Exercise goal »
For each record that follows, restate the text exactly and drop the pictures.

Recorded information »

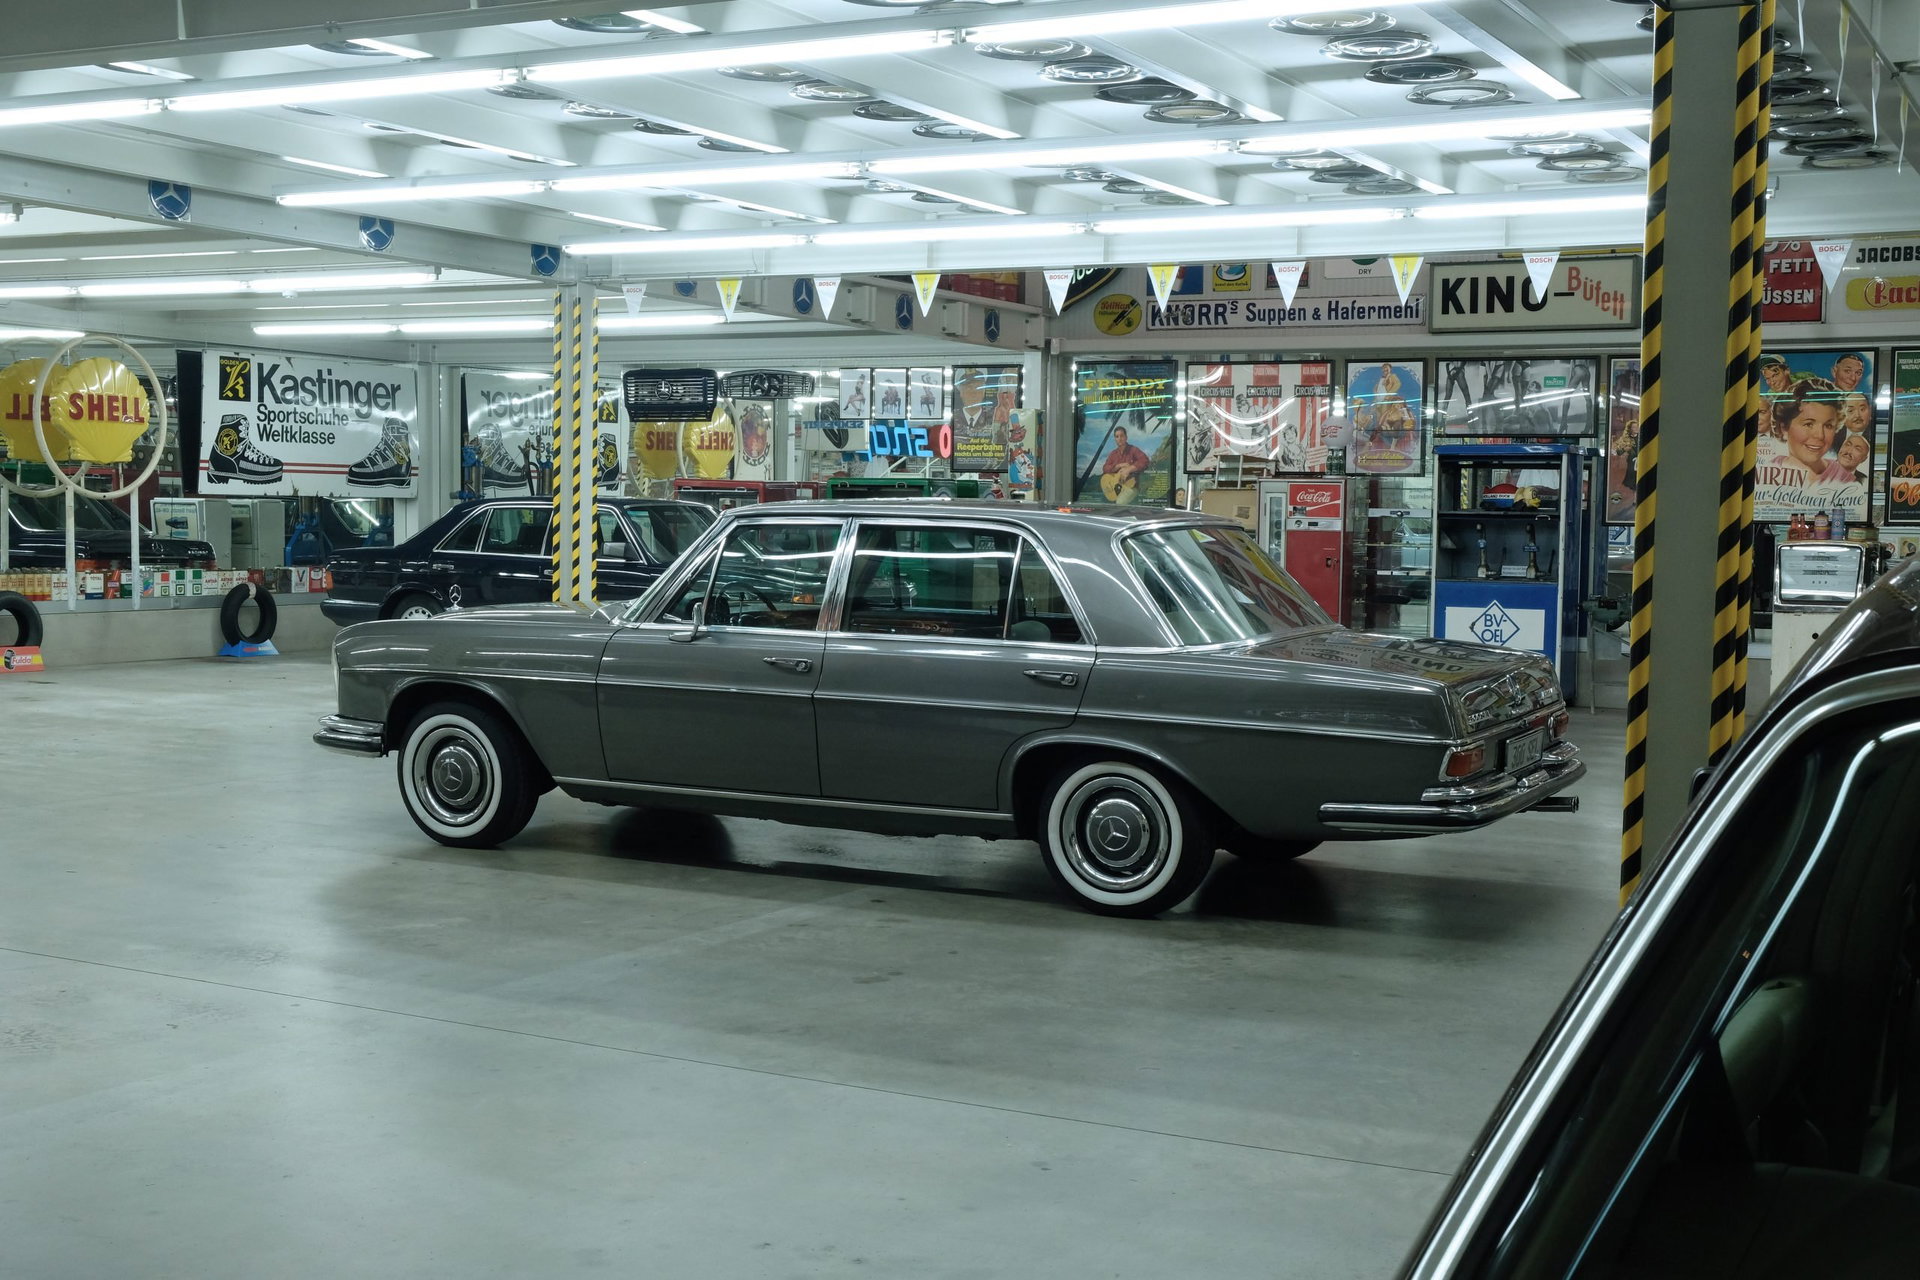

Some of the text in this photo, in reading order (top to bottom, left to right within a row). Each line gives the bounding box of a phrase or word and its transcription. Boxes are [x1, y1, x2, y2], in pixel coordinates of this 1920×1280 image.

[1530, 256, 1553, 264] BOSCH
[1769, 258, 1814, 273] FETT
[1567, 266, 1625, 320] Büfett
[1762, 287, 1814, 304] ÜSSEN
[1246, 302, 1306, 325] Suppen
[1312, 307, 1321, 320] &
[1328, 298, 1420, 320] Hafermehl
[257, 362, 401, 420] Kastinger
[1084, 378, 1168, 390] FREDDY
[68, 392, 145, 424] SHELL
[256, 403, 349, 427] Sportschuhe
[256, 424, 336, 445] Weltklasse
[956, 443, 1003, 452] Reeperbahn
[1296, 491, 1332, 503] Coca-Cola
[1819, 485, 1865, 507] Krone
[1484, 614, 1507, 628] BV-
[1481, 628, 1504, 643] OEL
[12, 656, 32, 664] Fulda

Answer section »
Some of the text in this photo, in reading order (top to bottom, left to right within a row). Each line gives the bounding box of a phrase or word and its transcription. Boxes are [x1, y1, x2, y2], in pixel coordinates of this 1920×1280 image.

[1530, 256, 1553, 264] BOSCH
[1769, 258, 1814, 273] FETT
[1567, 266, 1625, 320] Büfett
[1762, 287, 1814, 304] ÜSSEN
[1246, 302, 1306, 325] Suppen
[1312, 307, 1321, 320] &
[1328, 298, 1420, 320] Hafermehl
[257, 362, 401, 420] Kastinger
[1084, 378, 1168, 390] FREDDY
[68, 392, 145, 424] SHELL
[256, 403, 349, 427] Sportschuhe
[256, 424, 336, 445] Weltklasse
[956, 443, 1003, 452] Reeperbahn
[1296, 491, 1332, 503] Coca-Cola
[1819, 485, 1865, 507] Krone
[1484, 614, 1507, 628] BV-
[1481, 628, 1504, 643] OEL
[12, 656, 32, 664] Fulda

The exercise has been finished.